The “heart” is meant to encapsulate the two principles of inclusiveness and delivering on an actual good. Without it, we’re not really engaging in politics – we’re just in some form of factional warfare, where we routinely “beat” coalitions of other Americans. Again, if you think you’re paying the price because you’re paying higher taxes – and remember, I don’t want you to pay higher taxes – try living in East St. Louis for a week. We need to deliver on actual goods, routinely: how is a life not lived for others worth living?

4 Comments

  1. This post makes me happy… and sad. I’m always wishing that people cared about each other. On the other hand, I think that they actually do. They’re just distracted by everything else. In the political arena we seem to be fixated on winning, certainly not winning as a country or a society, more like having our team win a football game. It doesn’t matter if a candidate is a horrible person or a complete moron as long as he’s on our team…

  2. I agree with Amanda. It really looks like there are a lot of people who care about making the country a better place. And a lot of those people are in politics, but politics is a game and it’s almost impossible not to get wrapped up in it and lose your ideals. Not only that, but people have different ideas of what’s good for society. And in the end, the greedy take advantage of the well-meaning, then the greedy come to power and all hope for real change in the name of social good is lost. I almost think things would run better if the whole country were split up into small self-governed communities. Kind of like what the state system was initially created to be… hm..

  3. Interesting… rebuilding Native America is something you don’t hear anyone talking about. What would you like to see happen along those lines, specifically?

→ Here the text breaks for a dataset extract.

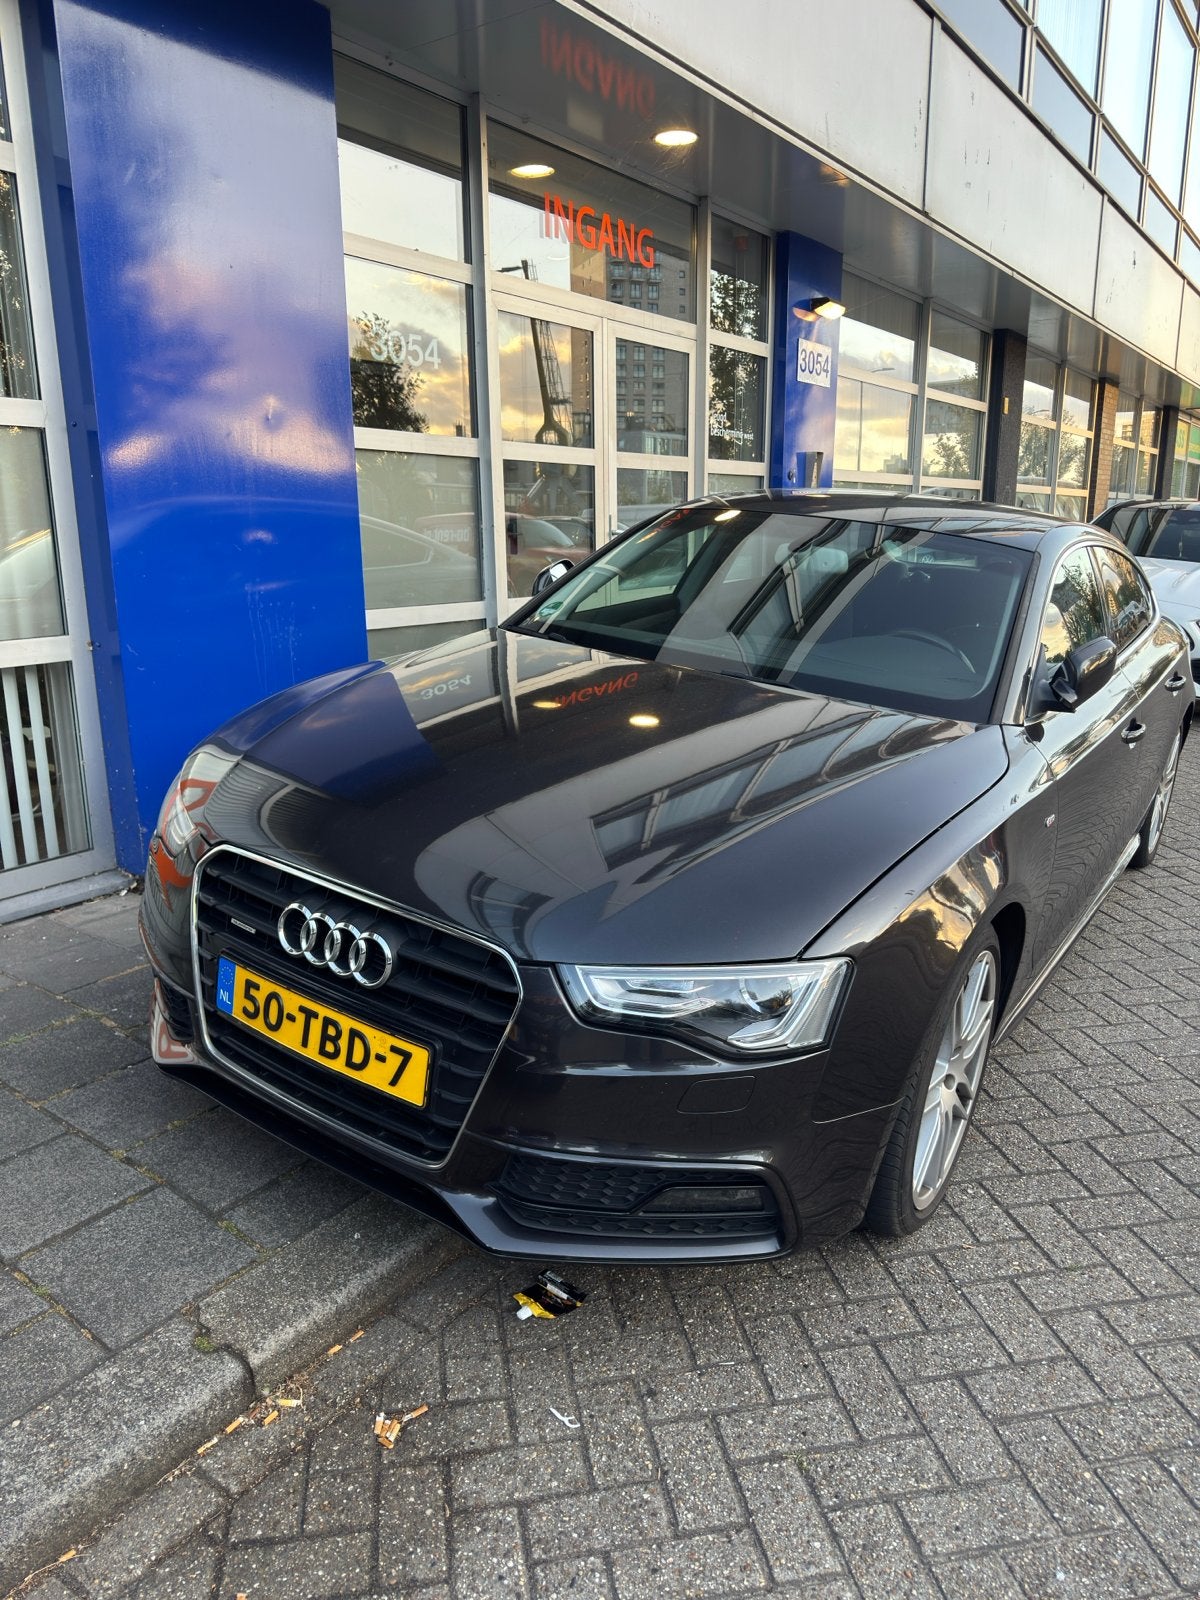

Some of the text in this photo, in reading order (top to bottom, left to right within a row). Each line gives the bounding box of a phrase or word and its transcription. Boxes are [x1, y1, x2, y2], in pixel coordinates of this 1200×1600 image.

And do you have any thoughts on recompense for descendants of slaves as well?

  4. Christine,

    Consider Lincoln on the last topic:

    “‘Woe unto the world because of offences! for it must needs be that offences come; but woe to that man by whom the offence cometh!’ If we shall suppose that American Slavery is one of those offences which, in the providence of God, must needs come, but which, having continued through His appointed time, He now wills to remove, and that He gives to both North and South, this terrible war, as the woe due to those by whom the offence came, shall we discern therein any departure from those divine attributes which the believers in a Living God always ascribe to Him? Yet, if God wills that it continue, until all the wealth piled by the bond-man’s two hundred and fifty years of unrequited toil shall be sunk, and until every drop of blood drawn with the lash, shall be paid by another drawn with the sword, as was said three thousand years ago, so still it must be said ‘the judgments of the Lord, are true and righteous altogether.'”

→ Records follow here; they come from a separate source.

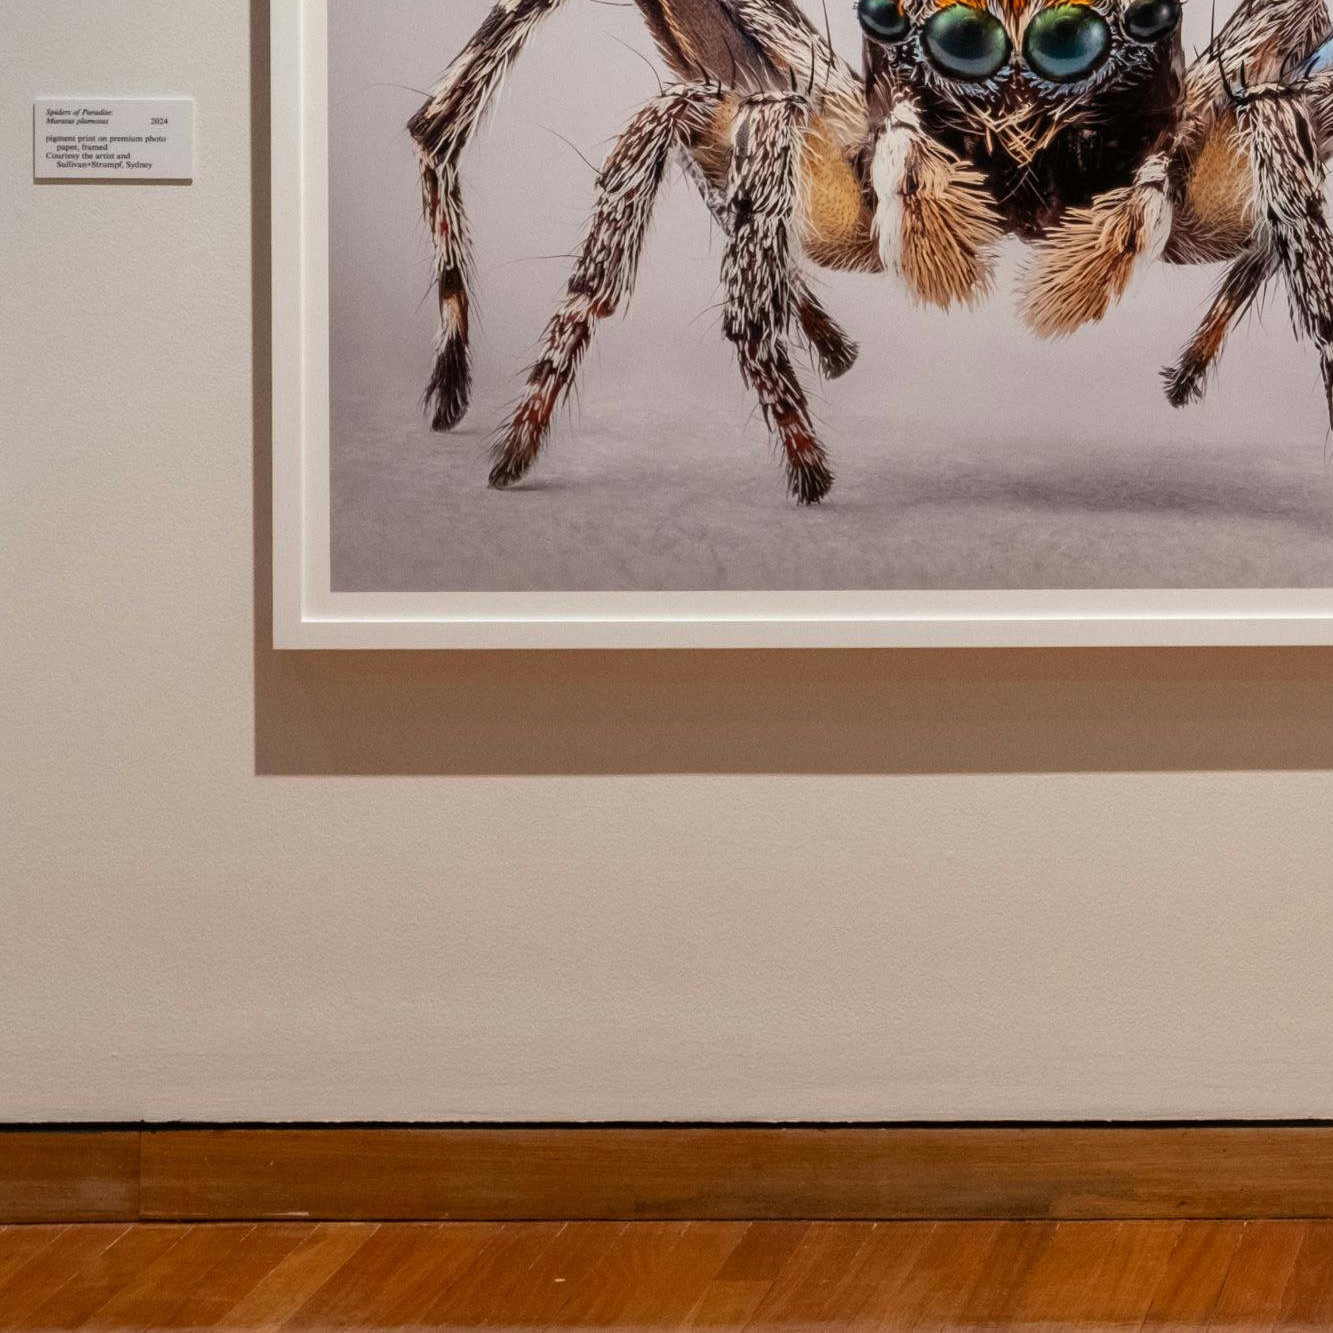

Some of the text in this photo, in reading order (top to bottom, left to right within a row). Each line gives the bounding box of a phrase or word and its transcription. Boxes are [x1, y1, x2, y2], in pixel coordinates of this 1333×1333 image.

[150, 117, 168, 125] 2024
[45, 135, 76, 144] pigment
[77, 134, 96, 144] print
[109, 135, 143, 143] premium
[145, 134, 167, 143] photo
[81, 143, 108, 151] framed
[45, 152, 80, 160] Courtesy
[125, 160, 153, 170] Sydney
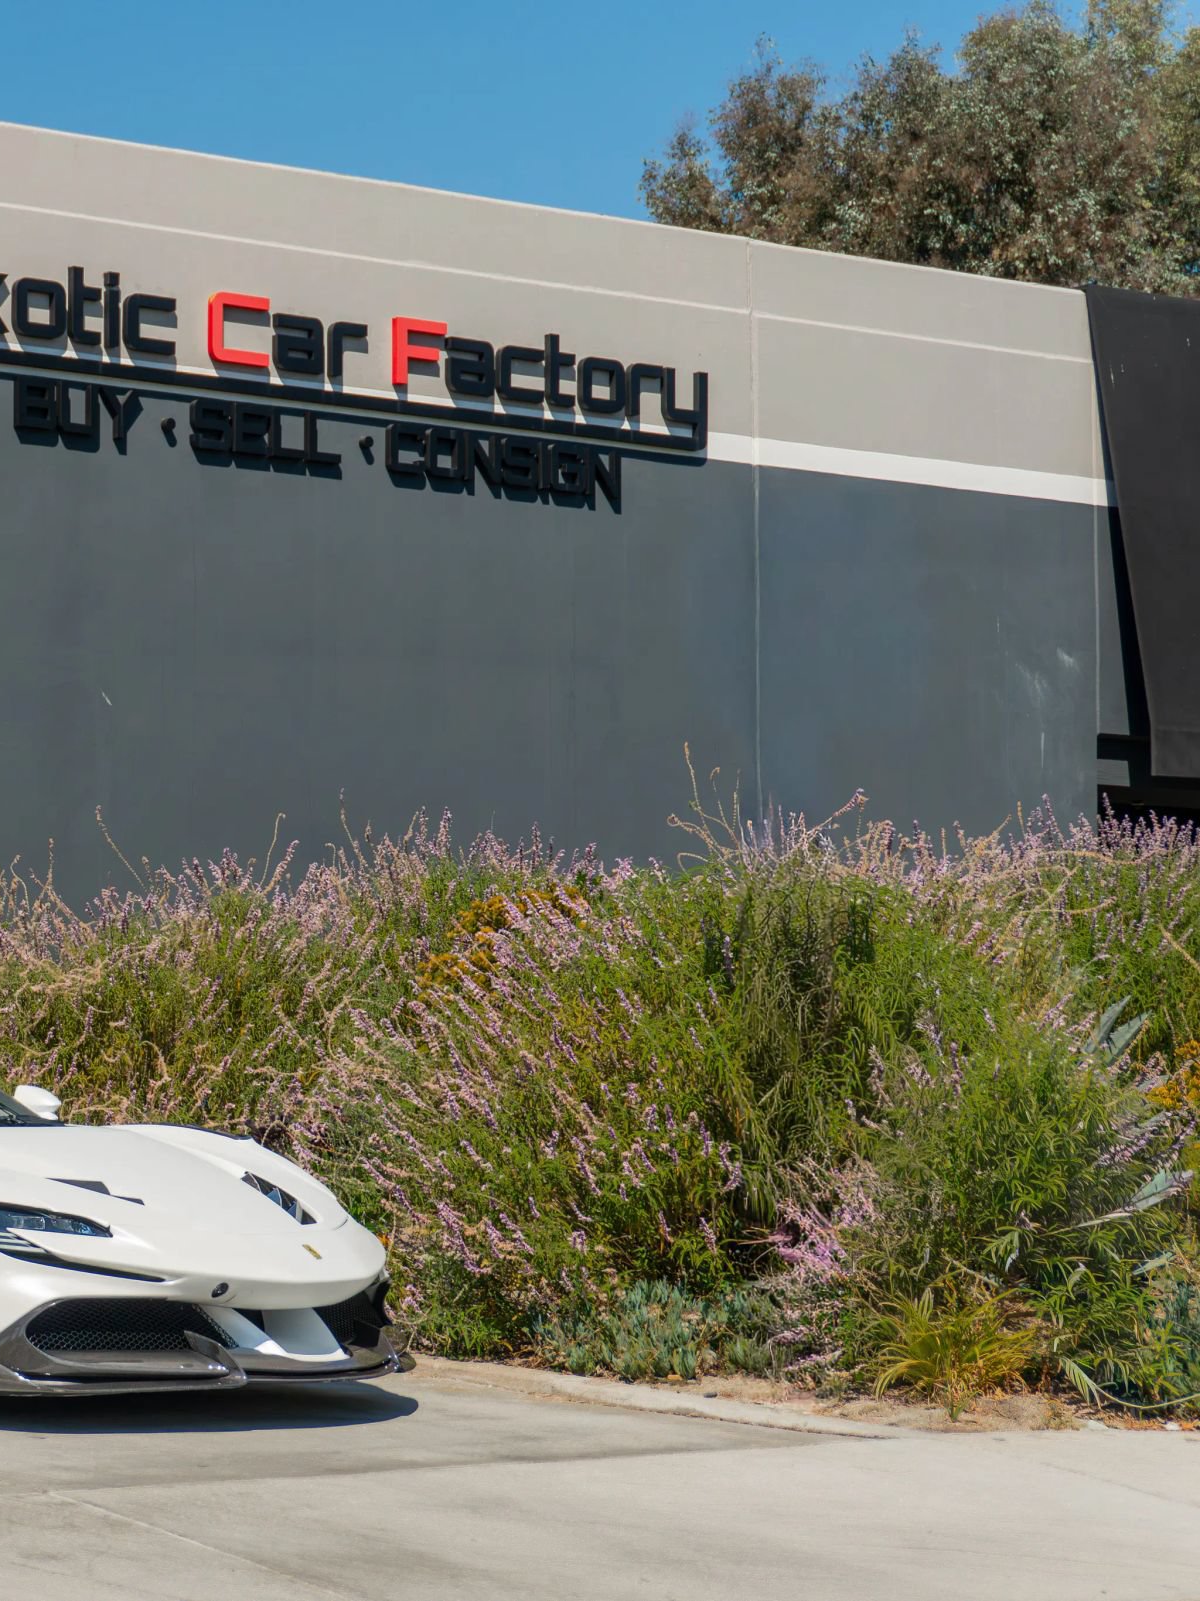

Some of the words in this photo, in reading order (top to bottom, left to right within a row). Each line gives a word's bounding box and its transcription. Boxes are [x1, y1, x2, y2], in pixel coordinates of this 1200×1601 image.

[14, 377, 140, 440] BUY
[190, 399, 341, 464] SELL
[385, 423, 621, 506] CONSIGN
[208, 292, 368, 377] Car
[392, 316, 708, 451] Factory

    Now, this might not constitute “recompense” for the slaves, but it was Lincoln’s conviction that the Civil War – 600,000 dead – was the price for slavery.

    I can’t truly understand the effects of slavery, only that they must be passed down through generations. But, without being callous, the idea has 1) been brought up before and 2) tends to perpetuate victimhood.

    On the other hand, blacks really have been divested of what is owed to them HERE and NOW, both in terms of natural rights and in terms of merit. I think the better question is to ask, “what does THIS generation deserve,” still without completely ignoring the ancestral. I say that this is better for several reasons: 1) I think we will see that by assessing immediate conditions contra rights, these folks simply deserve more 2) we should recognize the descendants of slaves as freemen – who they are – rather than as what they used to be 3) those resistant to real enfranchisement will have the ability to frame the issue in terms of ‘white guilt’ and ‘political correctness’ if we go the ‘descendants of slaves’ route. They will say it is more of the same – call it ‘affirmative action 2.0.’

    I don’t know what policy would look like, but it would not be ‘up by your bootstraps.’ It might involve economic incentives of some flavor – I’m not sure. Whatever it is, it must connect merit with reward.